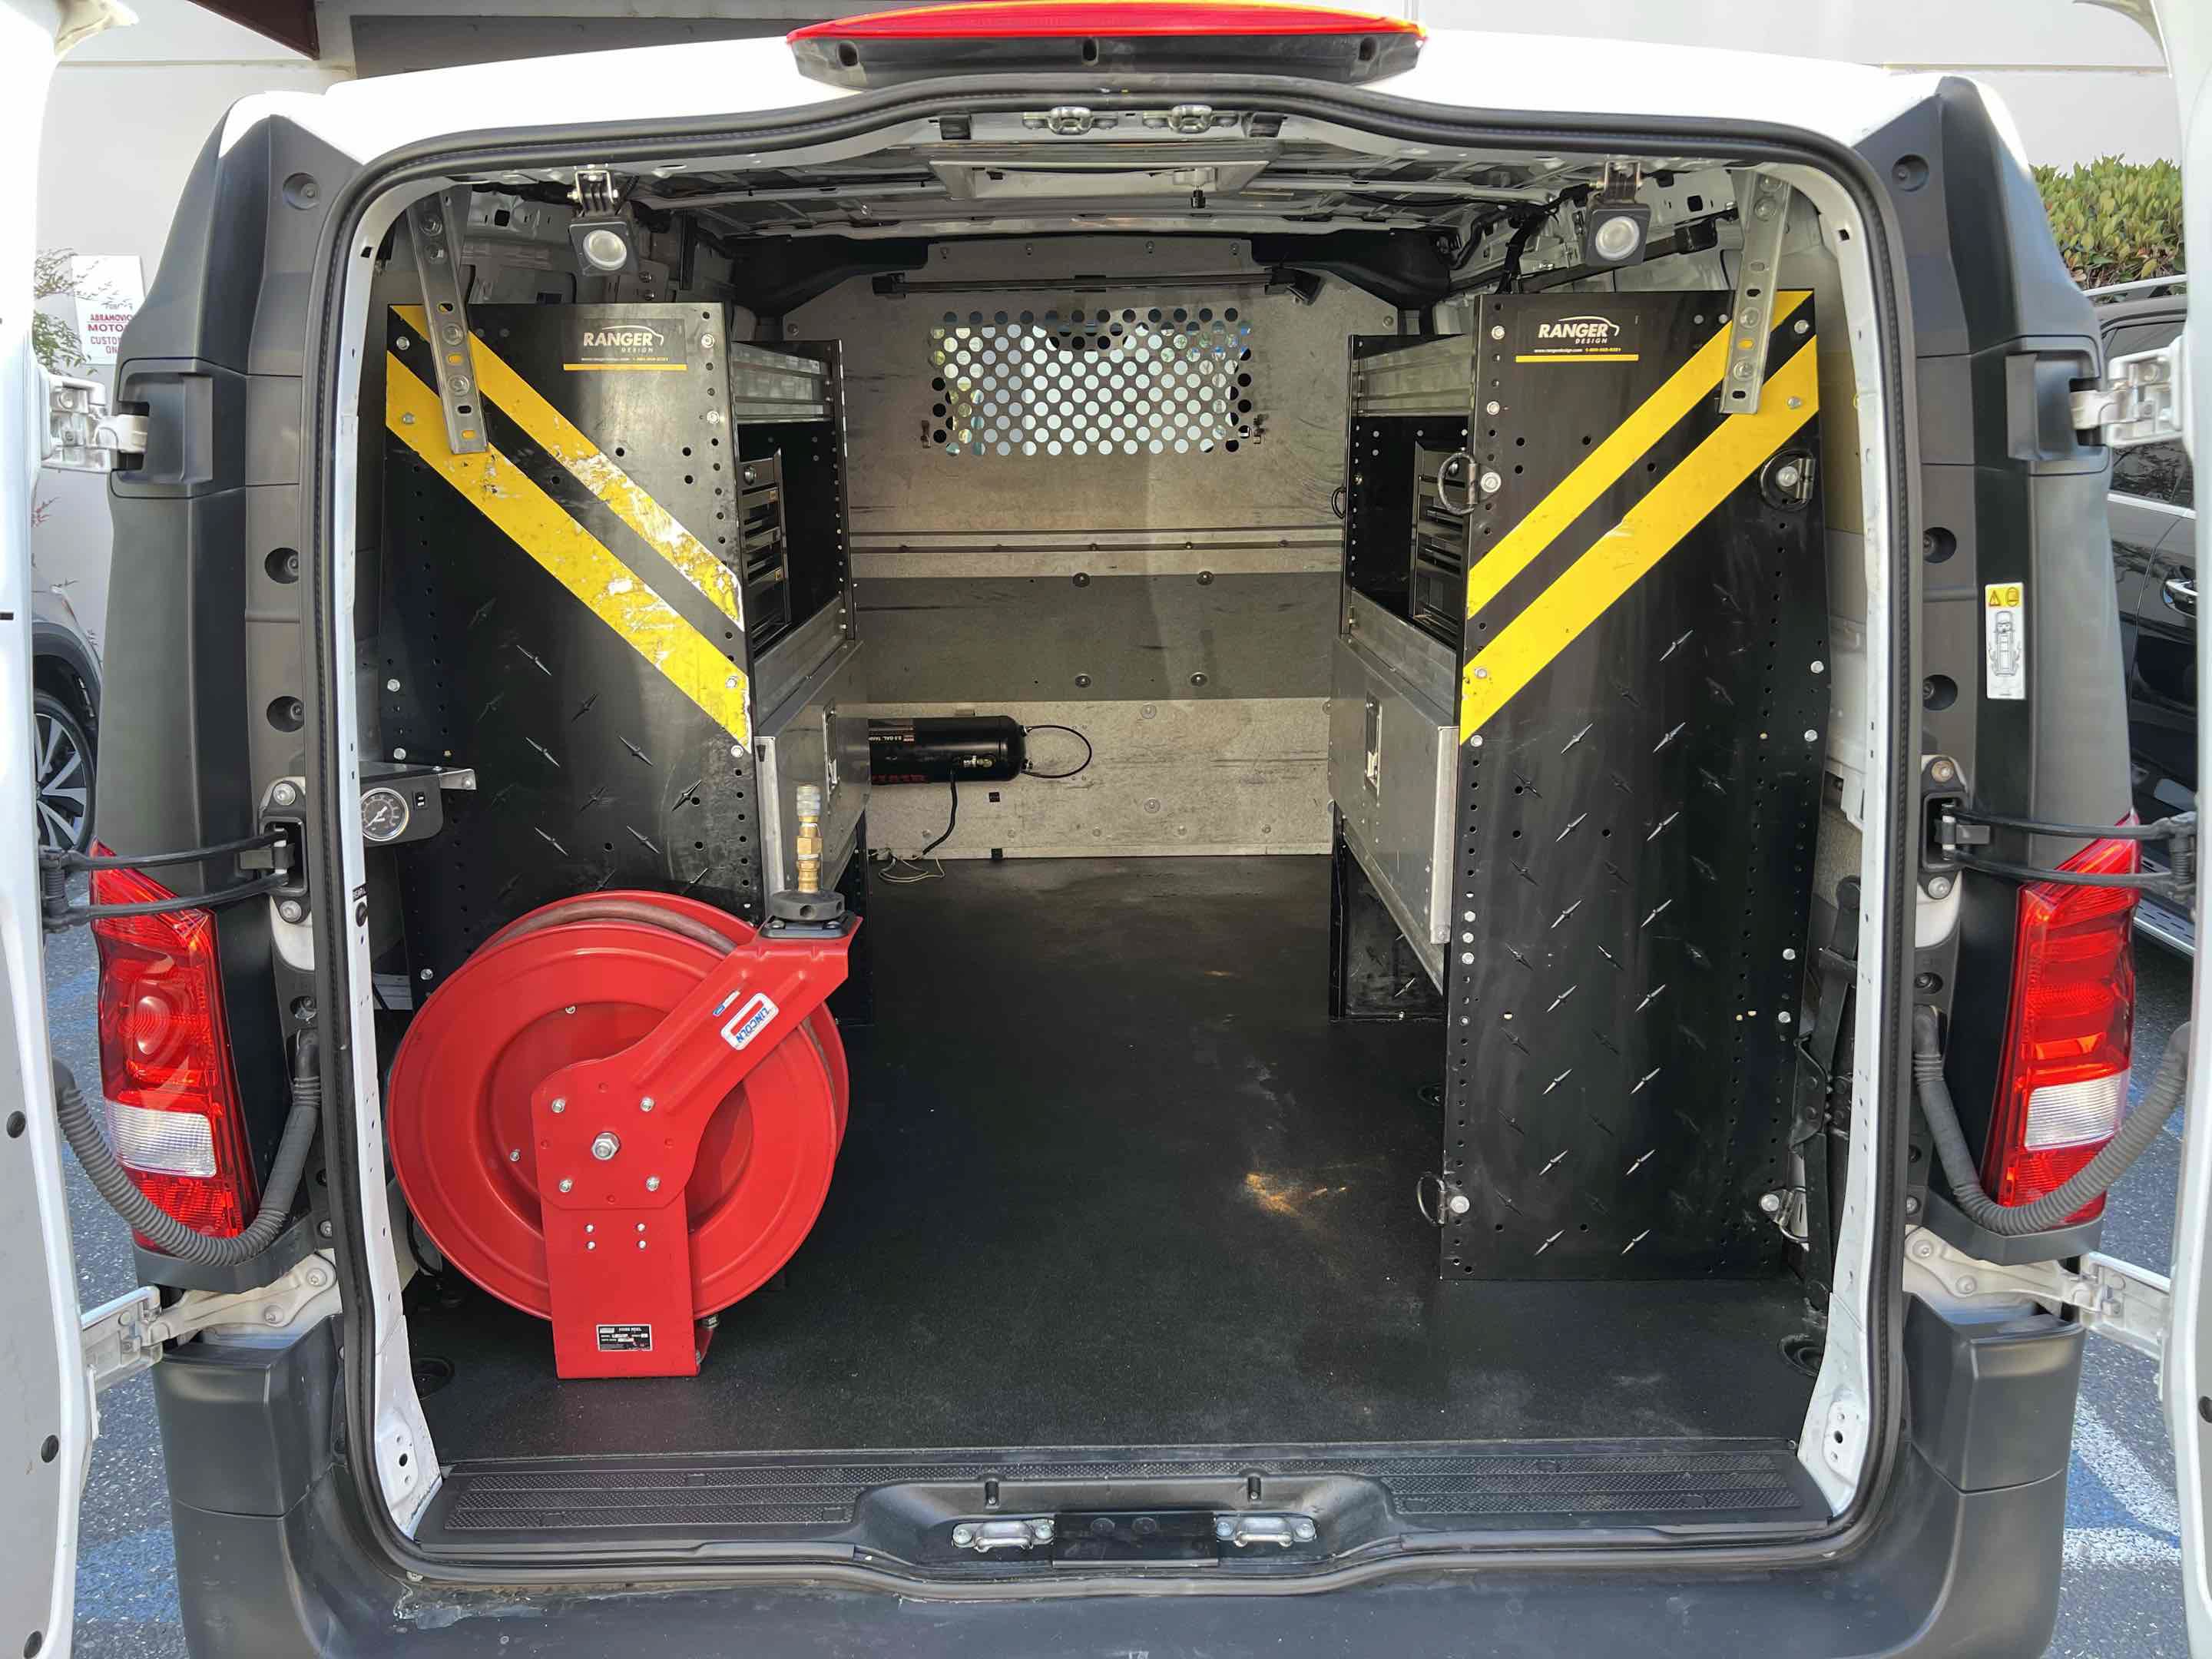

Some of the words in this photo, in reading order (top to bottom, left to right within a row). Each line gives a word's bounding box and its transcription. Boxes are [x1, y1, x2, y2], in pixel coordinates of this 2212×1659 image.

[583, 332, 654, 346] RANGER
[1538, 323, 1608, 339] RANGER
[735, 1006, 770, 1043] LINCOLN
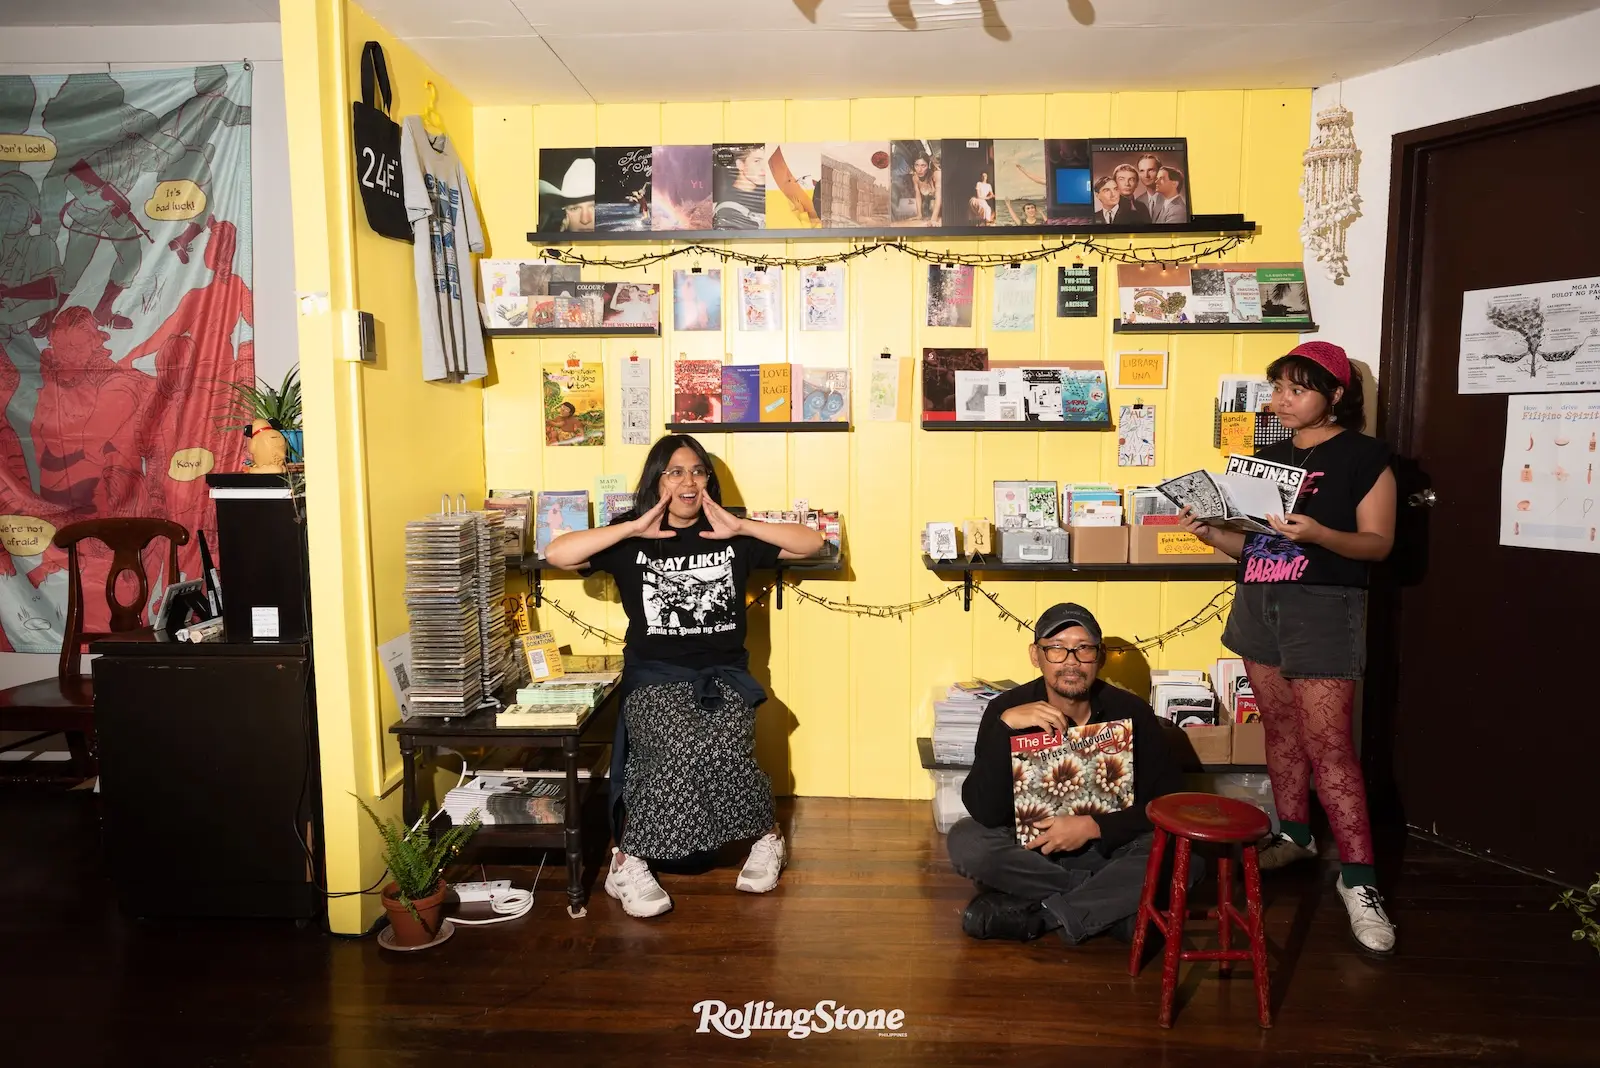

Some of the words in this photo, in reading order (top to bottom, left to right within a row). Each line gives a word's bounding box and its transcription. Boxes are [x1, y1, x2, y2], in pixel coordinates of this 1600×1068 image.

[25, 145, 47, 154] look!
[166, 188, 181, 198] It's
[156, 203, 170, 212] bad
[172, 202, 196, 212] luck!
[1122, 358, 1159, 370] LIBRARY
[762, 368, 788, 379] LOVE
[1132, 371, 1151, 380] UNA
[762, 385, 788, 395] RAGE
[1223, 415, 1248, 423] Handle
[1522, 411, 1562, 422] Filipino
[1228, 457, 1300, 486] PILIPINAS
[26, 525, 43, 533] not
[688, 545, 736, 569] LIKHA
[525, 631, 552, 641] PAYMENTS
[646, 625, 668, 636] Mula
[678, 626, 702, 637] Pusod
[703, 626, 714, 635] ng
[525, 637, 556, 648] DONATIONS
[1016, 736, 1040, 749] The
[1042, 733, 1058, 745] Ex
[1040, 746, 1068, 761] Brass
[1069, 727, 1113, 751] Unbound
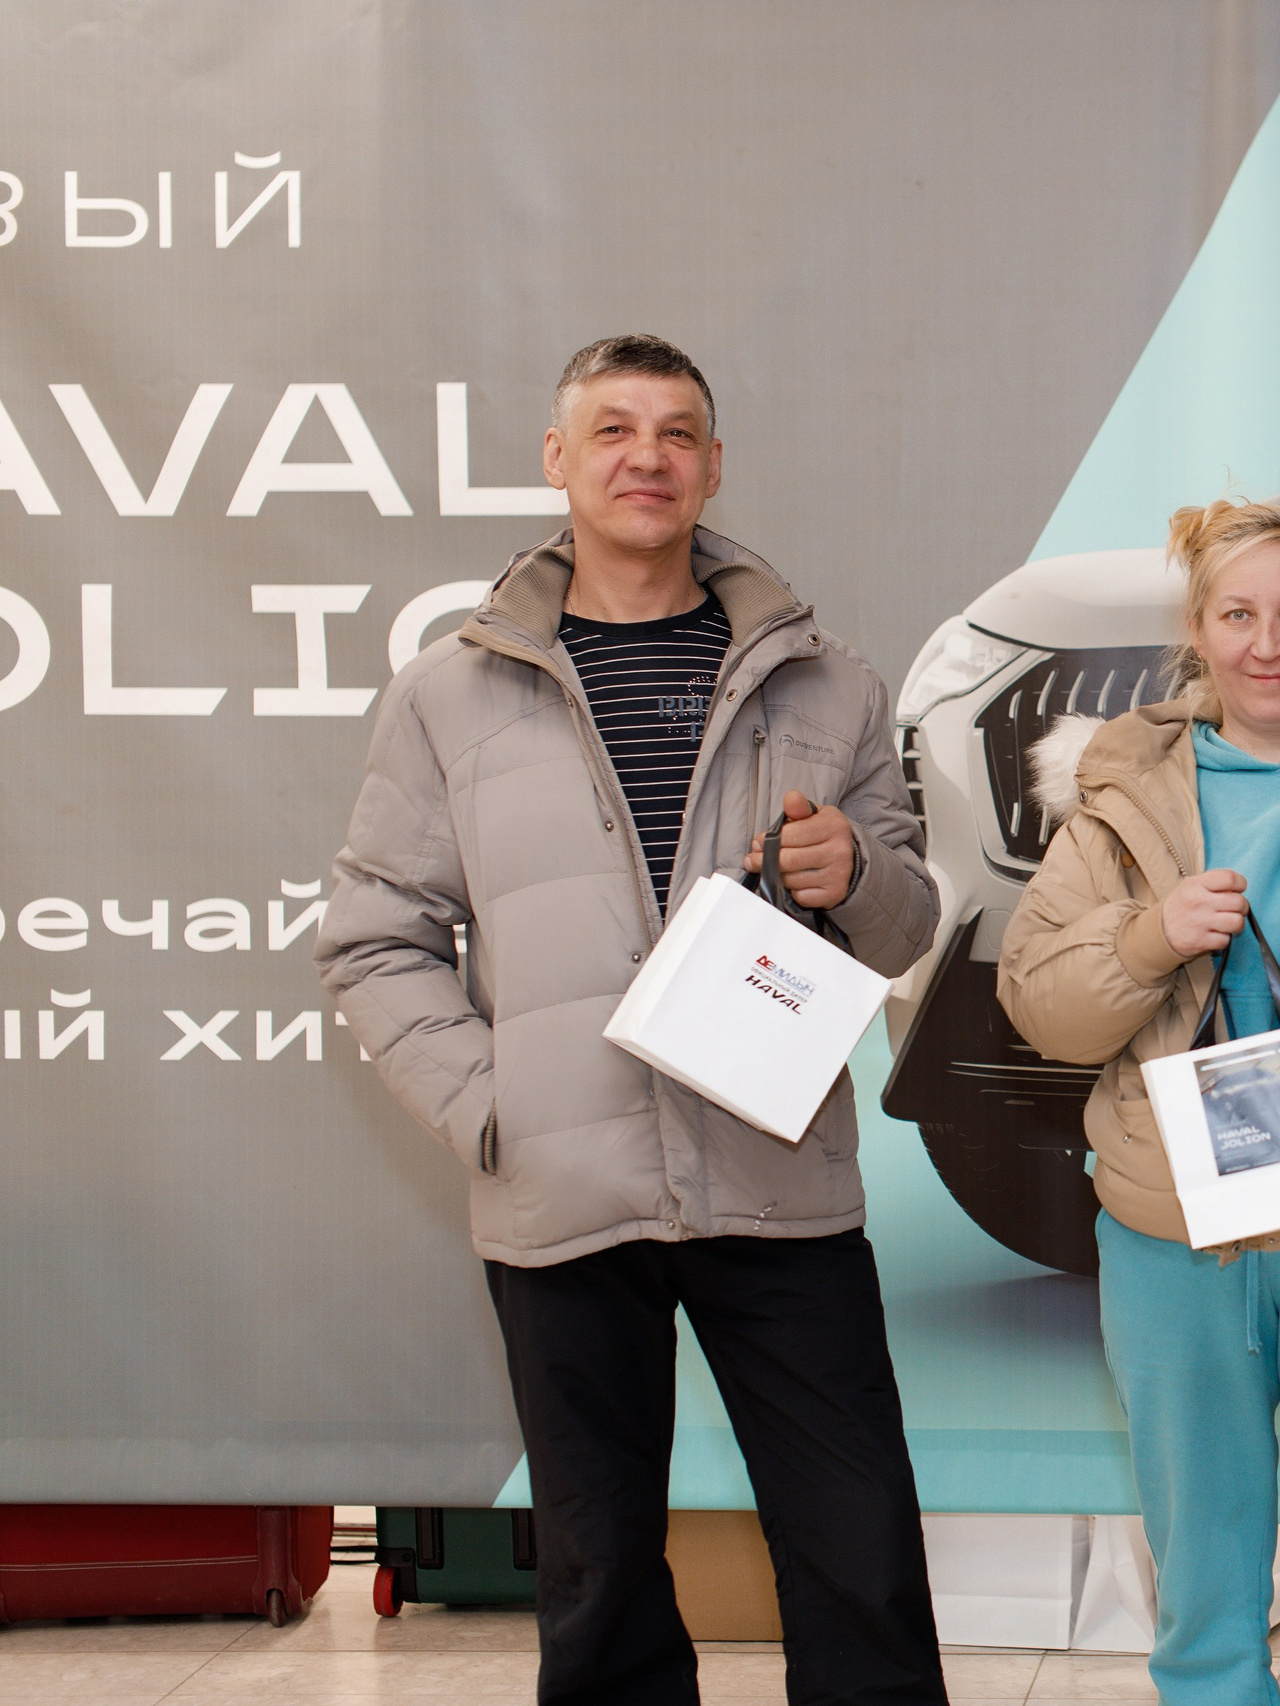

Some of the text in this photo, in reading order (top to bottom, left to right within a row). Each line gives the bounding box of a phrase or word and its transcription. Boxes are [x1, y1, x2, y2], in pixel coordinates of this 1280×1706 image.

[795, 740, 835, 755] OUTVENTURE
[745, 974, 802, 1015] HAVAL
[1217, 1124, 1260, 1141] HAVAL
[1220, 1131, 1272, 1151] JOLION

——

→ ACTIVITY
Retype the whole of the data verbatim. Skip every picture.

→ RESULT
Some of the words in this photo, in reading order (top to bottom, left to right within a row). Each line gives a word's bounding box and its transcription. Boxes are [x1, y1, x2, y2], in pixel coordinates of this 2212×1659 image.

[583, 332, 654, 346] RANGER
[1538, 323, 1608, 339] RANGER
[735, 1006, 770, 1043] LINCOLN

Some of the words in this photo, in reading order (top to bottom, left to right within a row). Each line gives a word's bounding box and its transcription. Boxes are [x1, y1, x2, y2], in pixel coordinates of this 1600×1068 image.

[25, 145, 47, 154] look!
[166, 188, 181, 198] It's
[156, 203, 170, 212] bad
[172, 202, 196, 212] luck!
[1122, 358, 1159, 370] LIBRARY
[762, 368, 788, 379] LOVE
[1132, 371, 1151, 380] UNA
[762, 385, 788, 395] RAGE
[1223, 415, 1248, 423] Handle
[1522, 411, 1562, 422] Filipino
[1228, 457, 1300, 486] PILIPINAS
[26, 525, 43, 533] not
[688, 545, 736, 569] LIKHA
[525, 631, 552, 641] PAYMENTS
[646, 625, 668, 636] Mula
[678, 626, 702, 637] Pusod
[703, 626, 714, 635] ng
[525, 637, 556, 648] DONATIONS
[1016, 736, 1040, 749] The
[1042, 733, 1058, 745] Ex
[1040, 746, 1068, 761] Brass
[1069, 727, 1113, 751] Unbound

Some of the text in this photo, in reading order (top to bottom, left to right within a row). Each line gives the bounding box of a phrase or word and its transcription. Boxes are [x1, y1, x2, y2], in pixel coordinates of this 1280×1706 image.

[795, 740, 835, 755] OUTVENTURE
[745, 974, 802, 1015] HAVAL
[1217, 1124, 1260, 1141] HAVAL
[1220, 1131, 1272, 1151] JOLION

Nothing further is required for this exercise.